The parallel data read in step 214 is temporarily stored and set in the read data storage section 6 (step 215), and the inhibit mode for stopping the operation of the EPROM 3 again is set in the mode control section 7 (step 216). Next, the read parallel data stored and set in the read data storage unit 6 is transferred to the serial interface circuit 2 via the internal bus (step 217), and the serial interface circuit 2 serially reads the serial data. The data is converted and output to an external device (step 218). After the operation of step 218 is completed, the process returns to step 212, and the above-described operation is repeatedly executed to check the reading of all addresses in the EPROM 3. The series of writing / reading operations for the EPROM 3 is executed according to dedicated software stored in the FROM 4.

[0017]

As described above, the present invention provides the EPR.
By providing a dedicated interface circuit corresponding to the OM and accessing the EPROM, the EP
It is possible to write / read data in a state where the semiconductor package containing the ROM is mounted on the printed circuit board as it is, and it is possible to avoid damage or the like in the semiconductor package. There is an effect that it is possible to prevent a contact failure between them.

Further, since writing to the EPROM can be performed through serial communication without using the EPROM writer, an address setting terminal and a mode setting terminal required when accessing the EPROM. Further, there is an effect that it is not necessary to provide a data transfer terminal or the like on the semiconductor package or the like, and the area occupied by the semiconductor chip is also reduced by this.

[Brief description of drawings]

FIG. 1 is a block diagram showing an embodiment of the present invention.

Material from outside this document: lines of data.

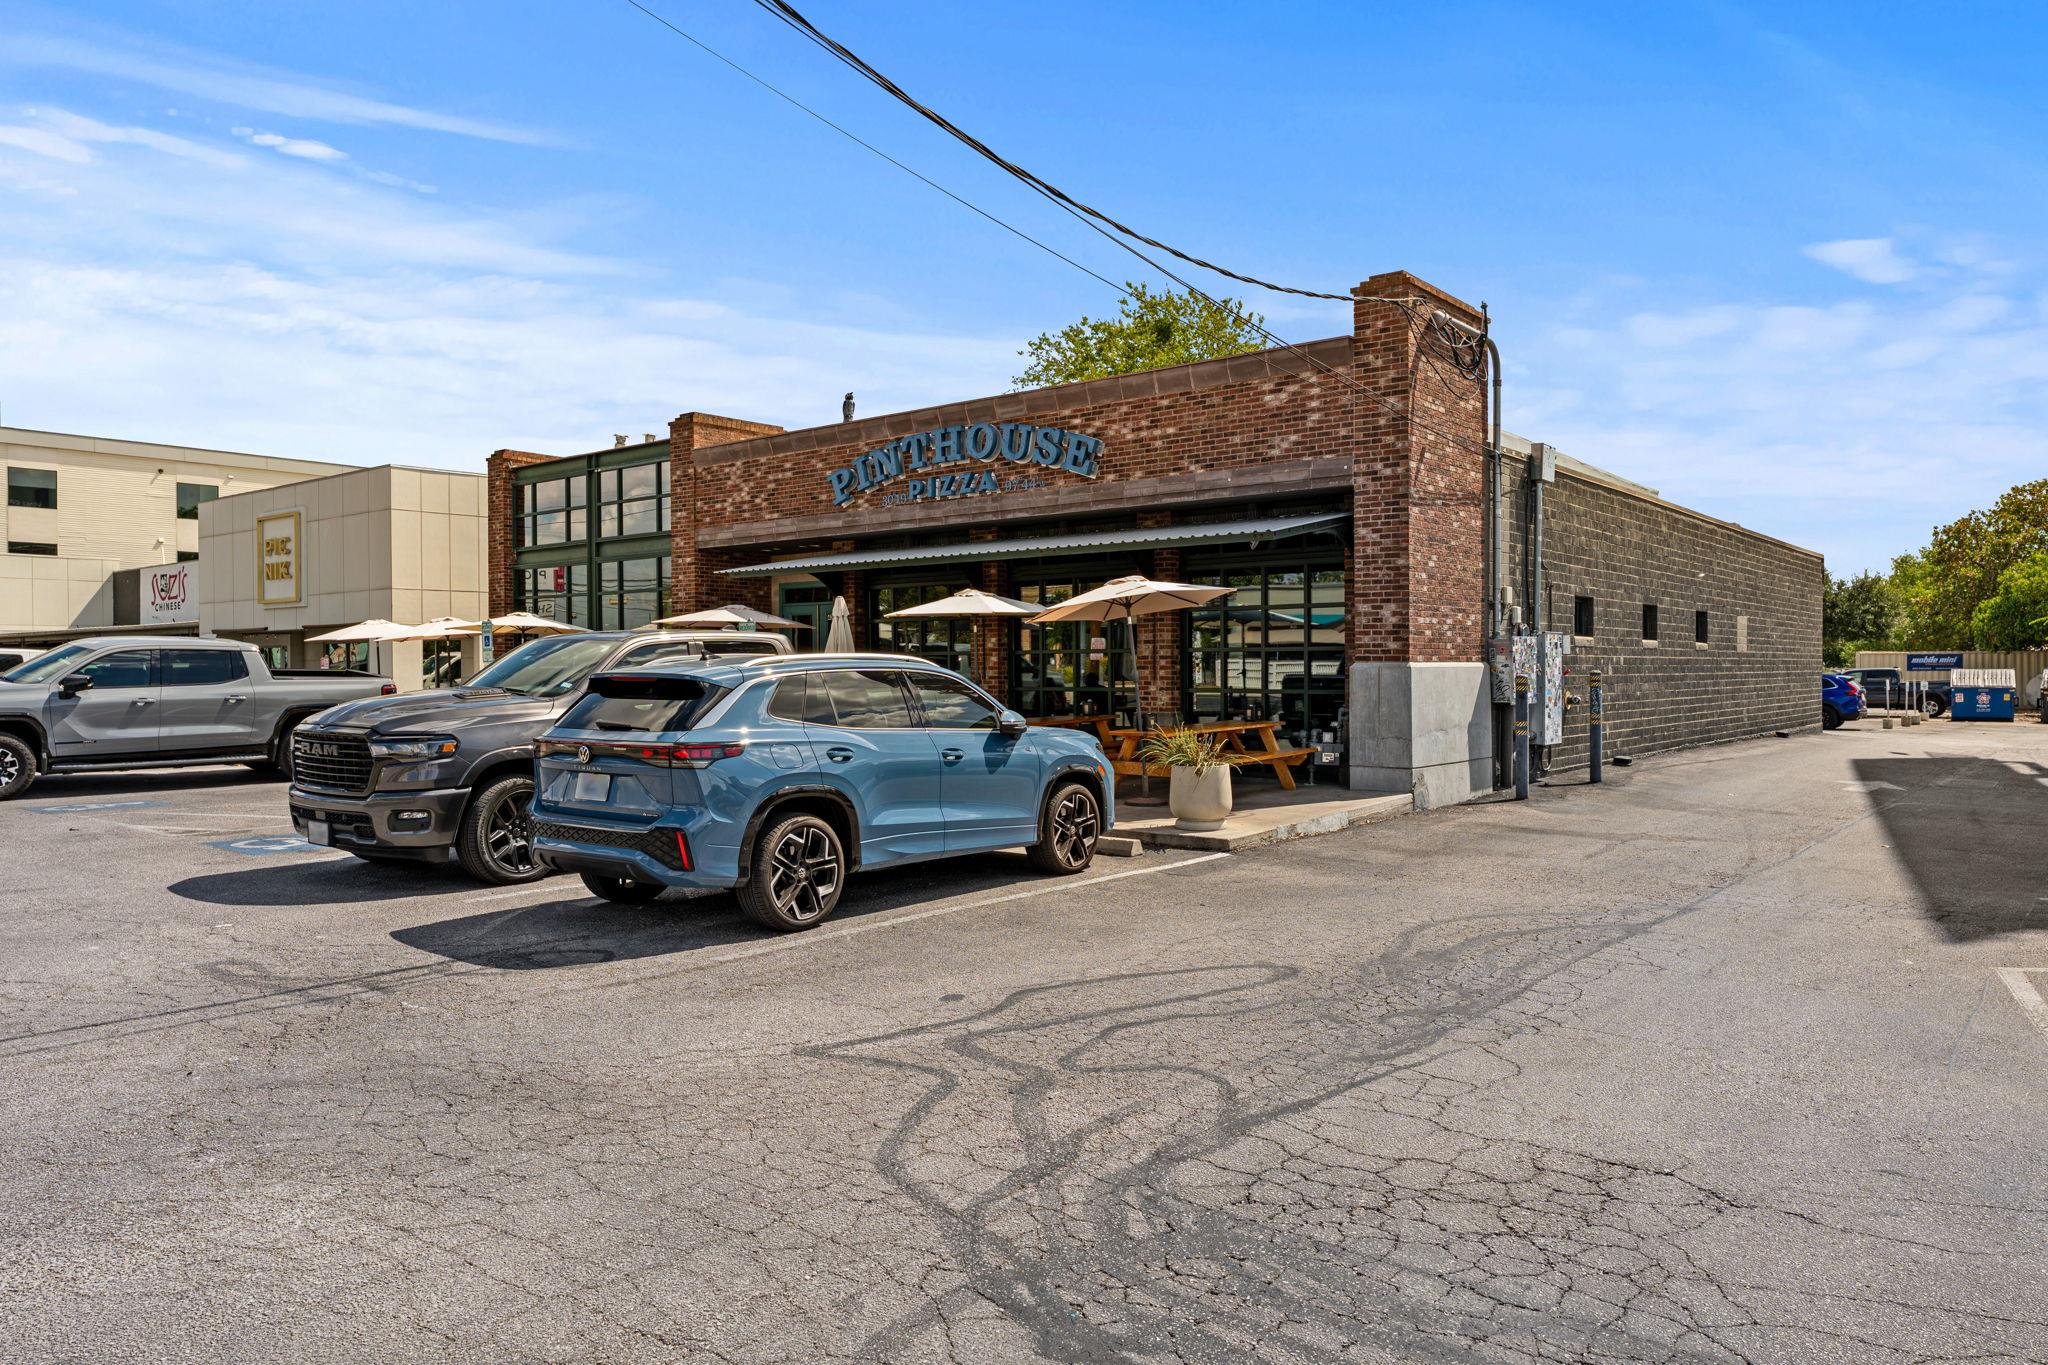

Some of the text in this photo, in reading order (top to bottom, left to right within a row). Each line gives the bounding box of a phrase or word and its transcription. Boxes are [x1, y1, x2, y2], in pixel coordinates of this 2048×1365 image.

[826, 422, 1104, 507] PINTHOUSE
[908, 469, 1000, 501] PIZZA
[265, 537, 292, 556] PIC
[151, 565, 187, 606] SUZI'S
[155, 602, 181, 611] CHINESE
[300, 741, 339, 756] RAM

FIG. 2 is a diagram showing a flowchart of an operation procedure of the present embodiment.

FIG. 3 is a block diagram showing a conventional example.

[Explanation of symbols]

 1 CPU 2 Serial Interface Circuit 3 EPROM 4 FROM 5 Write Data Storage Section 6 Read Data Storage Section 7 Mode Control Section 8 Address Setting Section 9 Address Control Section 10 Command Control Section

Claims (1)

[Claims] 1. An erasable programmable read-only memory (hereinafter referred to as EPROM), and a firmware read-only memory (hereinafter referred to as FROM, which stores instructions for controlling write / read operations for the EPROM).
In which at least the serial data to be written to the EPROM is input from the outside, converted into parallel data and output, and the parallel data read from the EPROM is serialized. A serial interface circuit for converting the data and outputting the data to the outside, a write data storage section for temporarily storing the parallel data output from the serial interface circuit as an input, and a parallel read from the EPROM A read data storage unit for inputting and temporarily storing data, a mode control unit for setting a write mode or a read mode corresponding to the EPROM via a control signal from the CPU, and a CPU Write via control signal In a mode, a write address for the EPROM is set, and in a read mode, an address setting unit for setting a read address for the EPROM, and addresses output from the address setting unit and the CPU, respectively, are received. In the normal operation mode set via the mode switching signal, the address output from the CPU is selected to specify the address of the EPROM, and in the write / read control mode set via the mode switching signal. In the above, the EPR is selected by selecting an address output from the address setting section.
In response to the commands output from the EPROM and the FROM and the address control unit designating the address of the OM, the commands output from the EPROM are transmitted in the normal operation mode set via the mode switching signal. An EPROM for selecting and supplying the instruction to the CPU and supplying the instruction to the CPU in the write / read control mode set via the mode switching signal. A microcomputer provided as an interface means corresponding to.